What is Lubiprostone?
Lubiprostone was approved by the Food and Drug Administration (FDA) in January 2006 only for the treatment of chronic constipation from unknown causes in adults. The drug has not been shown to be safe and effective for any other purposes. The drug has not been studied in pediatric patients.
Lubiprostone is the first in a new of drugs for constipation called chloride channel activators.
What is Chronic Constipation?
For the purpose of the FDA approving lubiprostone, chronic constipation was defined as less than three spontaneous bowel movements per week. The constipation had to be present for at least 12 weeks, which did not have to be consecutive, in the preceding 12 months.
What is Known About the Safety of Lubiprostone?
The long-term safety of lubiprostone is unknown. A total of 878 patients have taken lubiprostone for up to 48 weeks in studies submitted to the FDA.
Because lubiprostone is the first in a new of drugs that works in a new way, it is possible that unknown and unpredictable side effects may occur after the drug is used in large numbers of patients.
In the controlled studies, there were significantly higher rates of nausea, diarrhea, headache and abdominal pain in patients using lubriprostone than in those receiving a placebo.

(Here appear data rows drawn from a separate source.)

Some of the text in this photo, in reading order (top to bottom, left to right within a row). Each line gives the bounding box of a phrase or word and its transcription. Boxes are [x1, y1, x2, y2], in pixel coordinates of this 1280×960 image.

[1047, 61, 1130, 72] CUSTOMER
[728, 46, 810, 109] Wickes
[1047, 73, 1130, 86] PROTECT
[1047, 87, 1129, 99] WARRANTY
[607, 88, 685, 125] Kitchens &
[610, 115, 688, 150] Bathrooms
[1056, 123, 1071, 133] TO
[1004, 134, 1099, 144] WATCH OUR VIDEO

Data from randomized studies |
Nausea |
Diarrhea |
Headache |
Abdominal pain |
---|---|---|---|---|
Lubiprostone | 30.9% | 13.2% | 13% | 6.8% |
Placebo | 5.1% | 0.9% | 6.6% | 2.2% |
What Factors Contribute to the Development of Constipation?

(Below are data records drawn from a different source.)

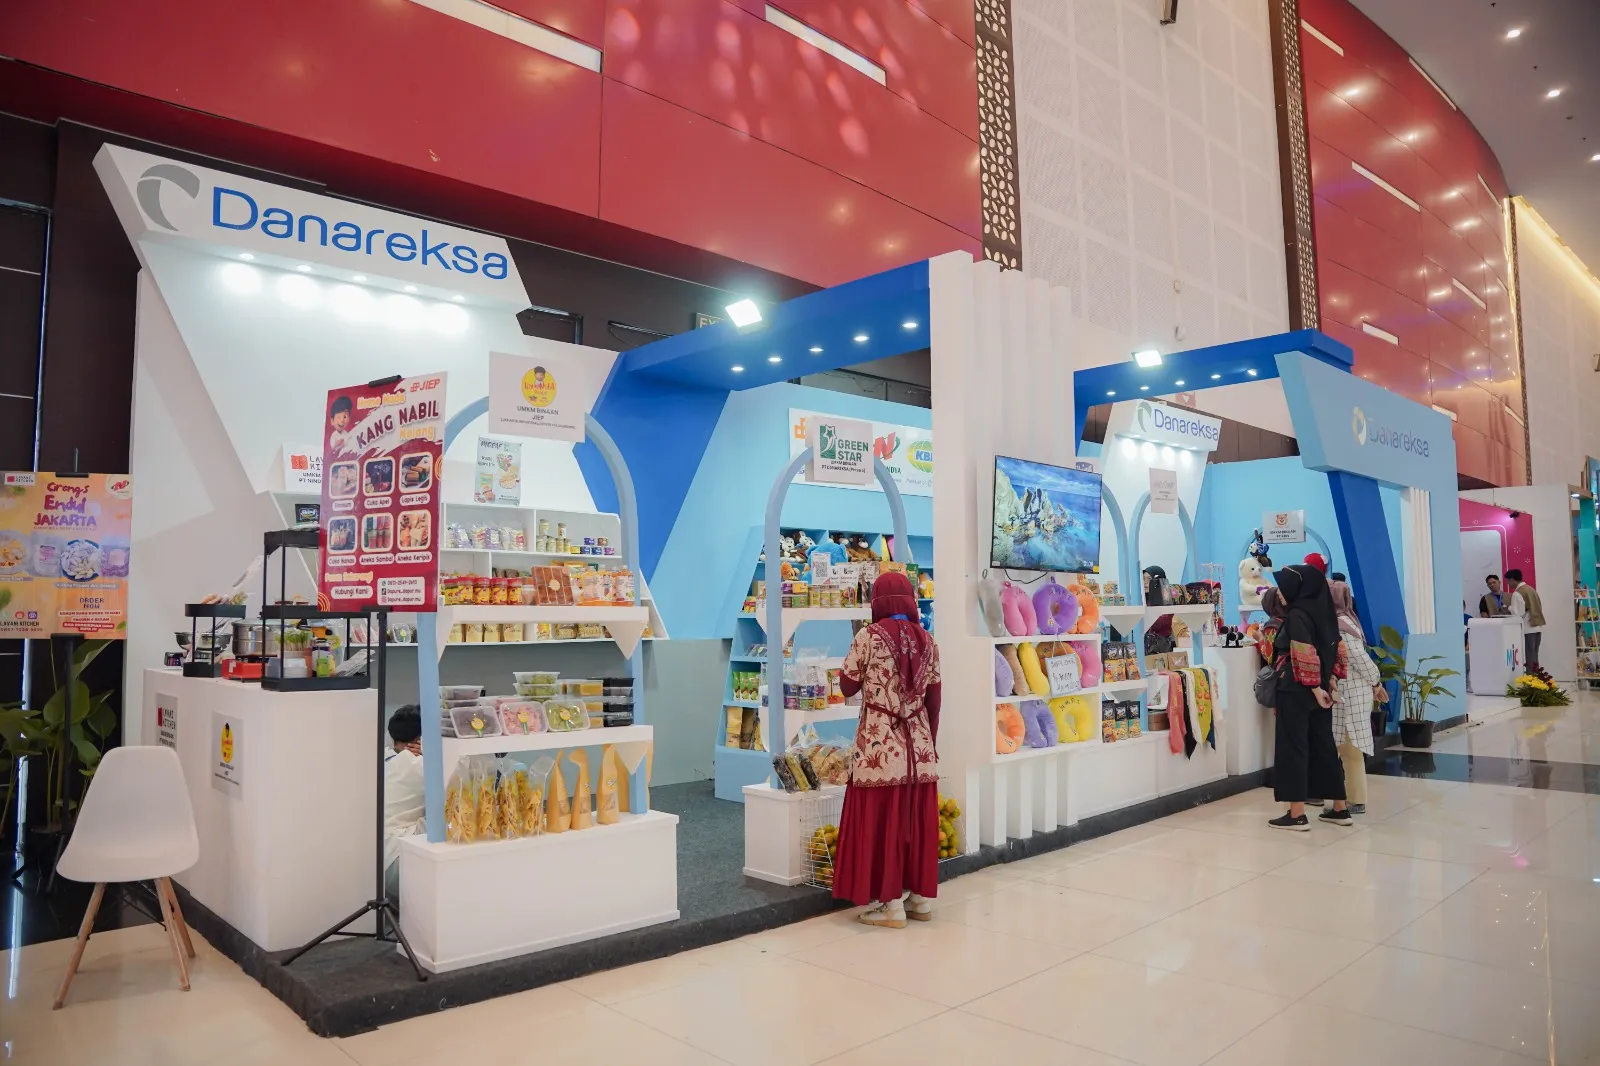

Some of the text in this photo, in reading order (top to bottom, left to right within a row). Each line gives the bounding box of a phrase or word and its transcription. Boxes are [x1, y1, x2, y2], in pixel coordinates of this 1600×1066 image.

[213, 186, 508, 279] Danareksa
[420, 378, 440, 392] JIEP
[356, 400, 439, 449] KANG NABIL
[1154, 408, 1219, 442] Danareksa
[837, 439, 869, 452] GREEN
[838, 451, 863, 462] STAR
[401, 495, 428, 504] Lapis Legit
[34, 513, 97, 527] JAKARTA
[376, 555, 394, 563] Sambal
[413, 553, 430, 562] Keripik
[335, 588, 354, 597] Hubungi

Factors contributing to the development of constipation include inadequate fiber in the diet, lack of exercise, neurological and systemic disorders and problems with the colon, rectum or intestinal function. The side effects of some drugs may contribute to constipation, particularly painkillers, antidepressants, antacids, antispasmodics and blood pressure-lowering drugs.
What Evidence Did FDA Use to Approve Lubiprostone?
The FDA approved lubiprostone primarily on the basis of two clinical trials that compared the active drug to an inactive placebo given over a period of four weeks.
How Was the Efficacy or Effectiveness of Lubiprostone Measured?
The primary measure of lubiprostone’s effectiveness was the frequency of spontaneous bowel movements during one week.
What Was the Difference in Bowel Movement Frequency Between Lubiprostone and Placebo During One Week?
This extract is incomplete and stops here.